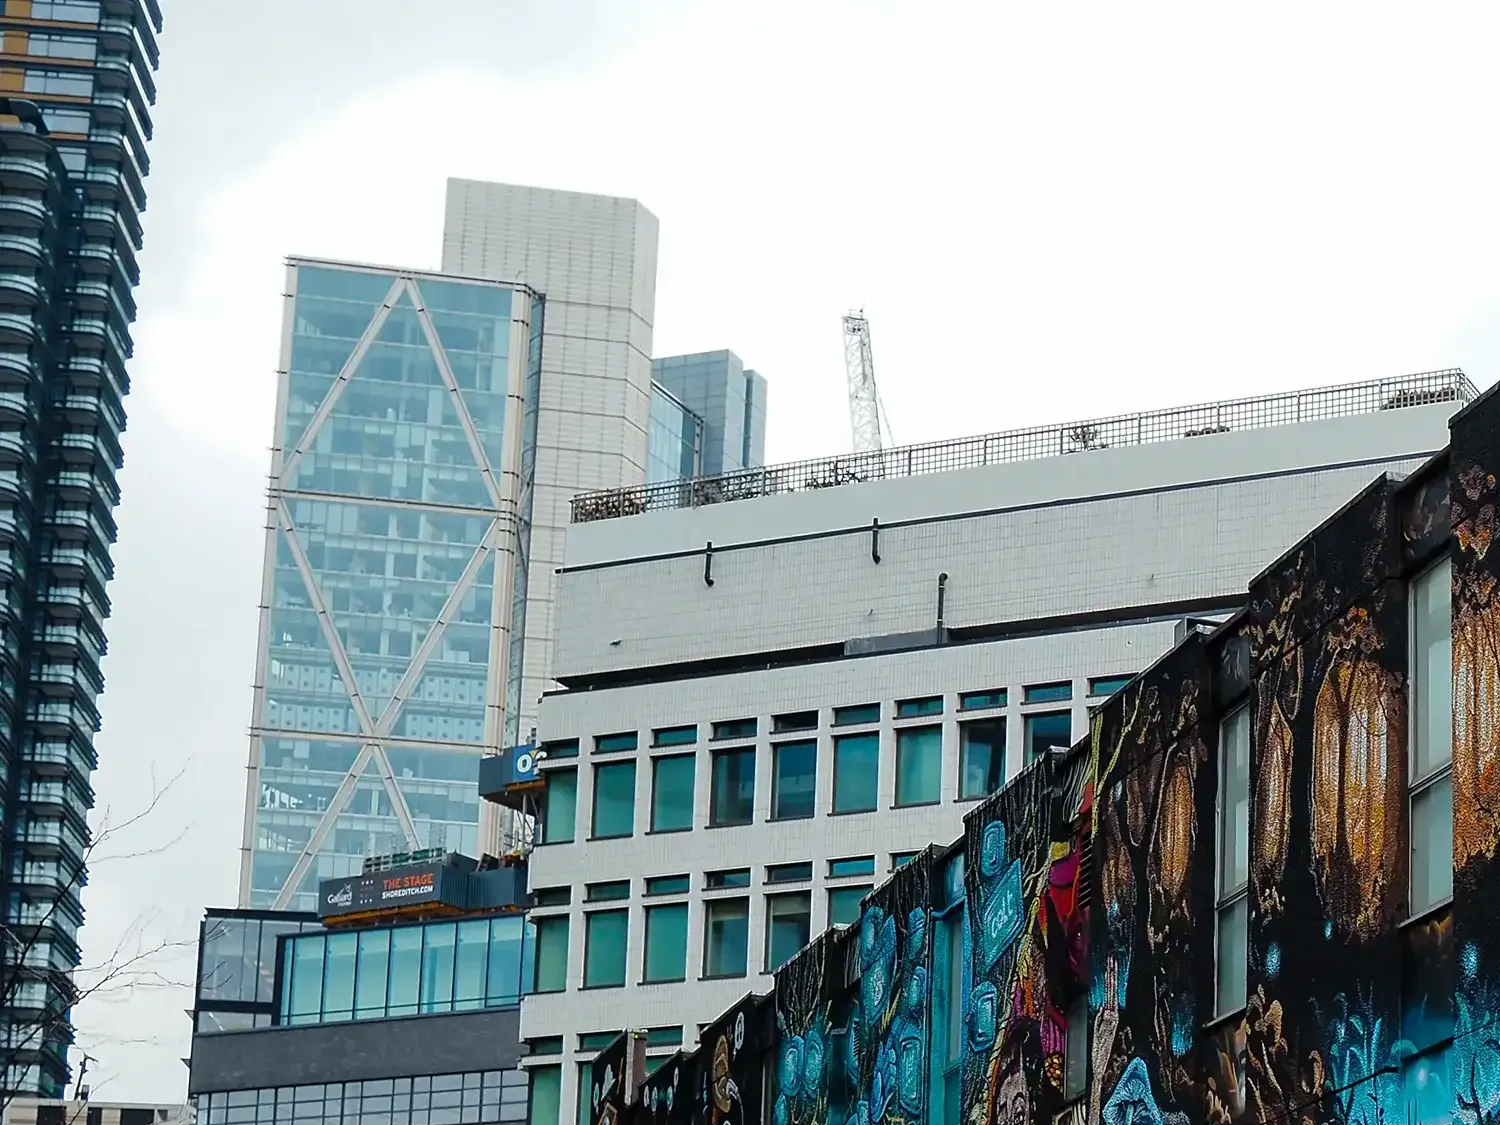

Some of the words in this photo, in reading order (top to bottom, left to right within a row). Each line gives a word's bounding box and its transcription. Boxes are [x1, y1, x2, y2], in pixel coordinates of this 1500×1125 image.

[383, 878, 402, 890] THE
[404, 873, 434, 887] STAGE
[382, 885, 434, 899] SHOREDITCH.COM
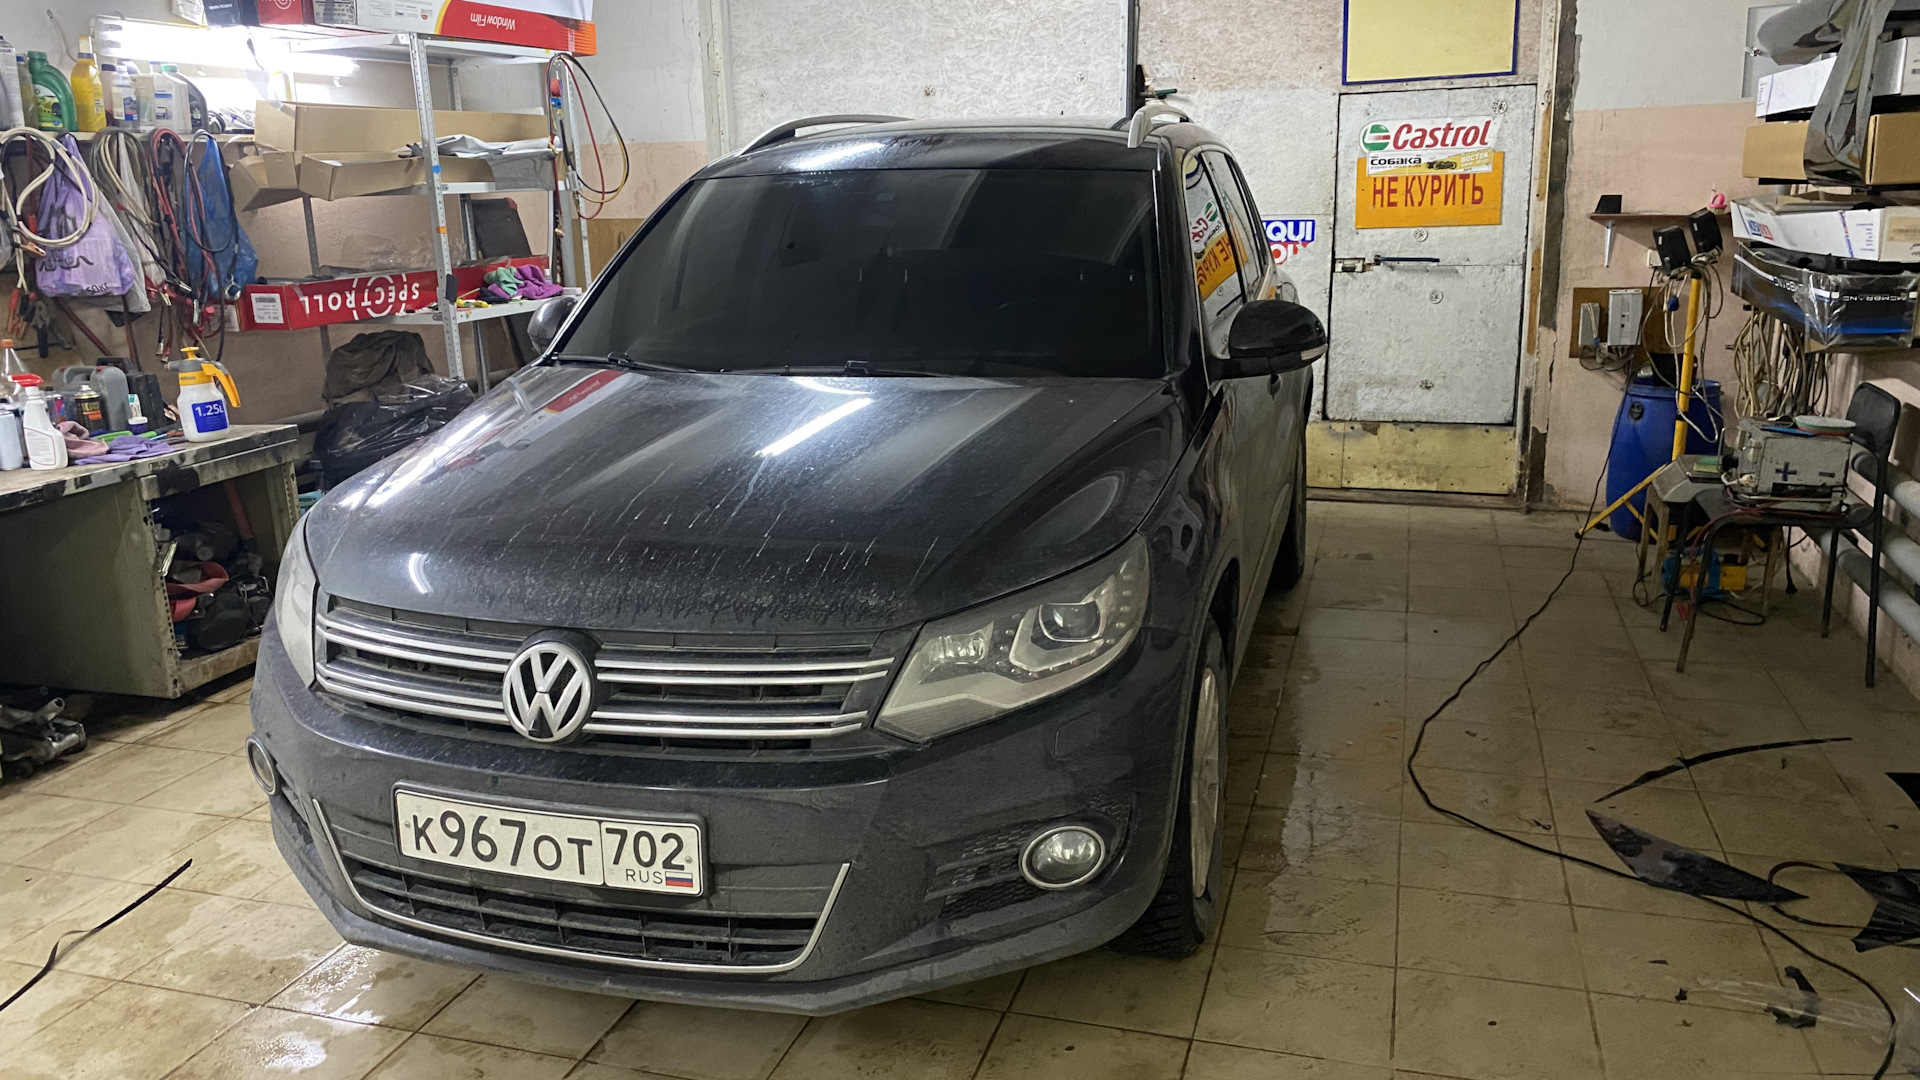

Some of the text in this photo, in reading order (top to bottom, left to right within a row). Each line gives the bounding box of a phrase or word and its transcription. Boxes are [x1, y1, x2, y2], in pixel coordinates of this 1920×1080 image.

[470, 12, 516, 30] Window Film
[1393, 120, 1492, 150] Castrol
[1372, 173, 1484, 208] НЕ КУРИТЬ
[1262, 220, 1313, 243] QUI
[300, 282, 420, 315] SPECTROLL
[605, 827, 685, 871] 702
[625, 868, 663, 885] RUS
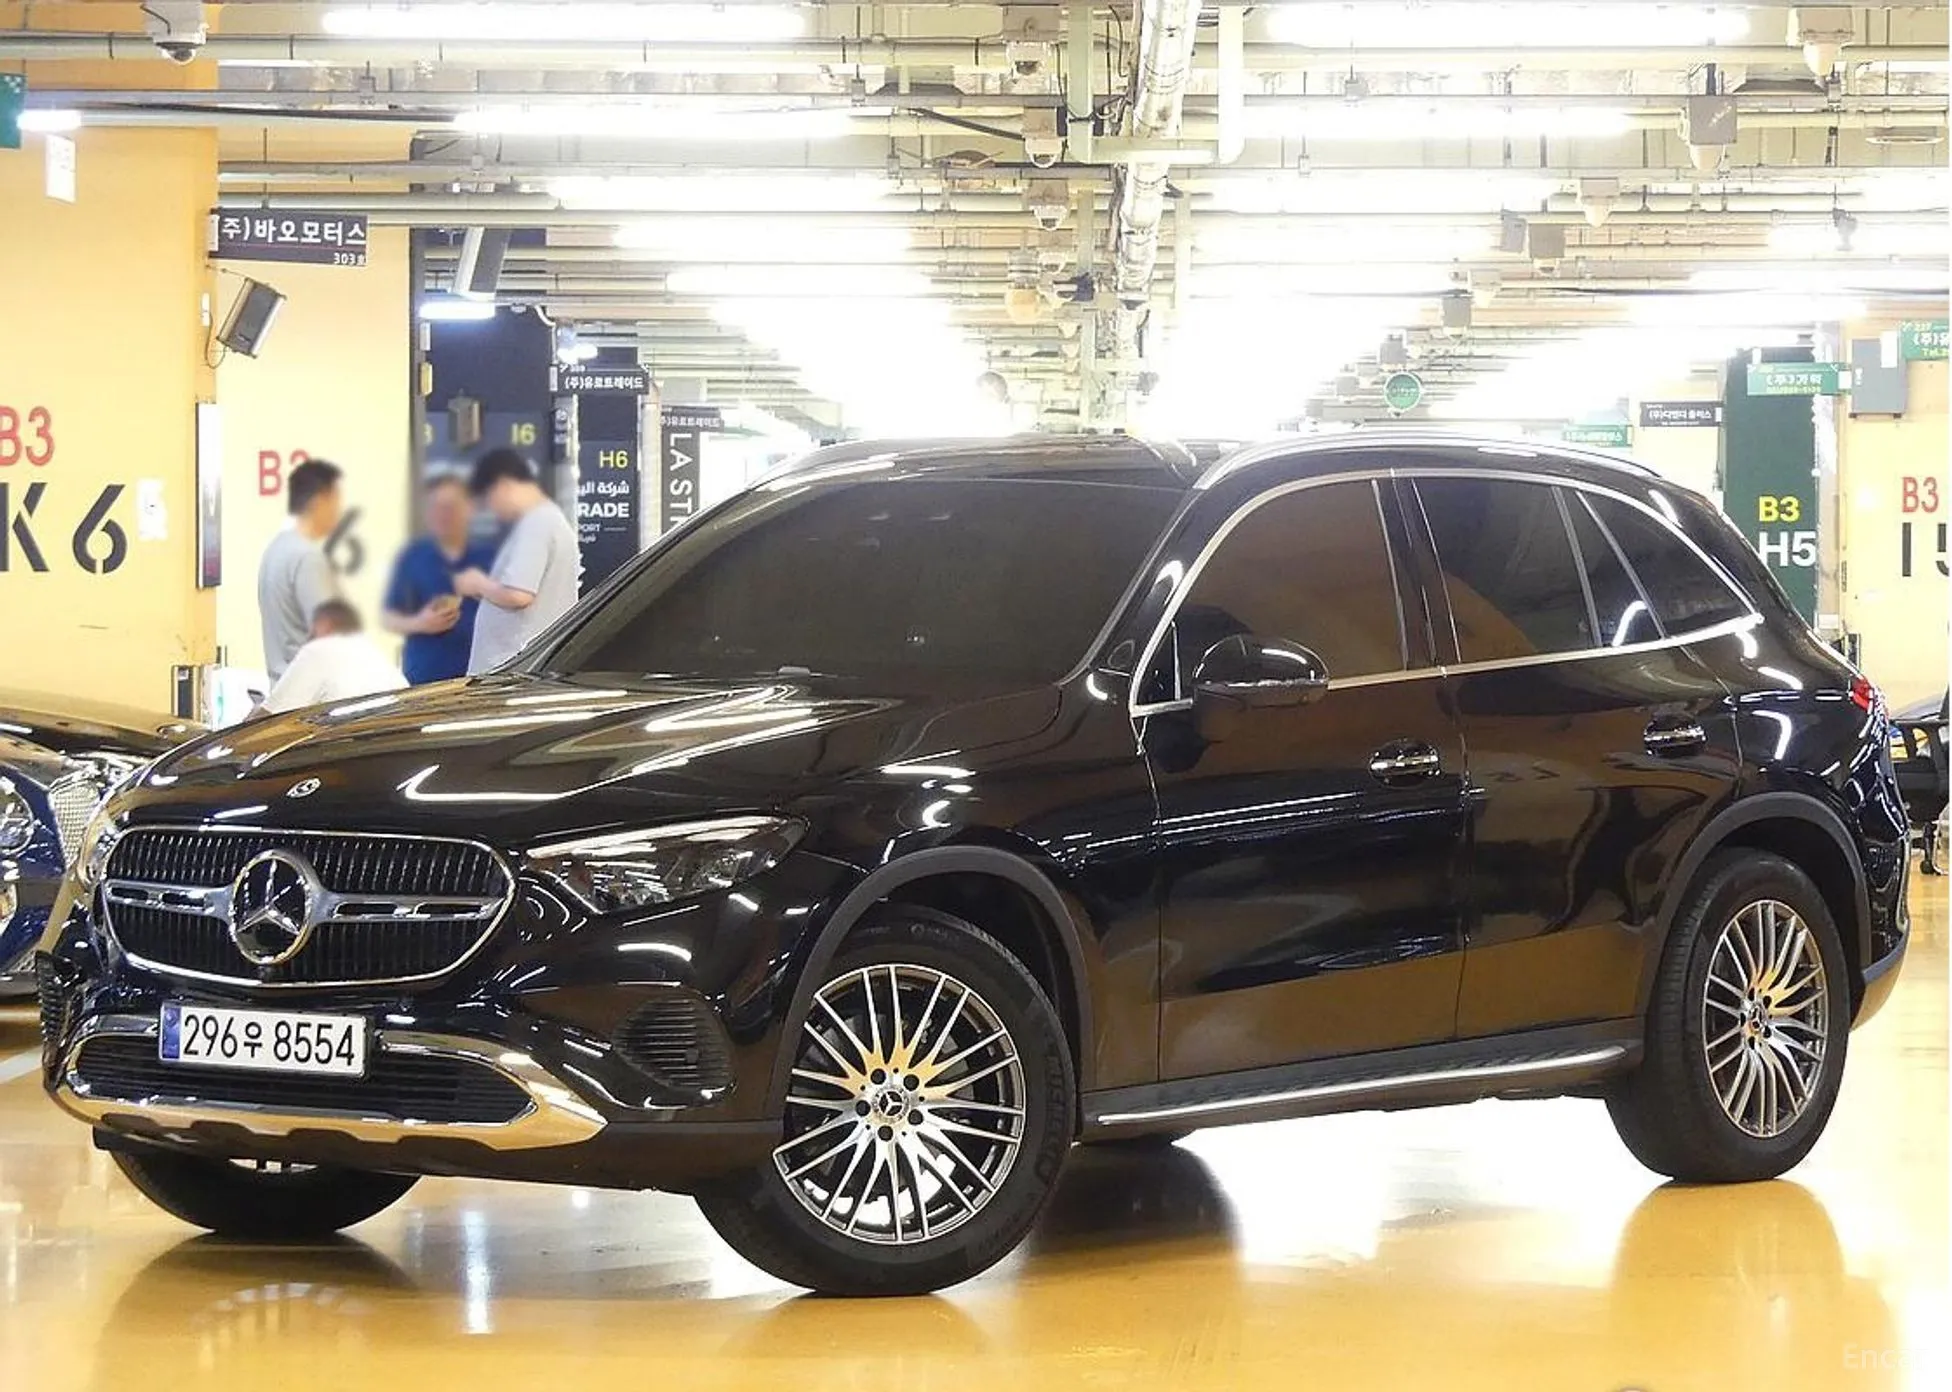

● Exercise instructions
Exclude every picture, then return precisely the lines that run from the line containing "Some of the text" through the end of the entries above.

● Result of this task
Some of the text in this photo, in reading order (top to bottom, left to right within a row). Each line gives the bounding box of a phrase or word and its transcription. Boxes are [x1, y1, x2, y2], in pixel coordinates of this 1920×1080 image.

[470, 12, 516, 30] Window Film
[1393, 120, 1492, 150] Castrol
[1372, 173, 1484, 208] НЕ КУРИТЬ
[1262, 220, 1313, 243] QUI
[300, 282, 420, 315] SPECTROLL
[605, 827, 685, 871] 702
[625, 868, 663, 885] RUS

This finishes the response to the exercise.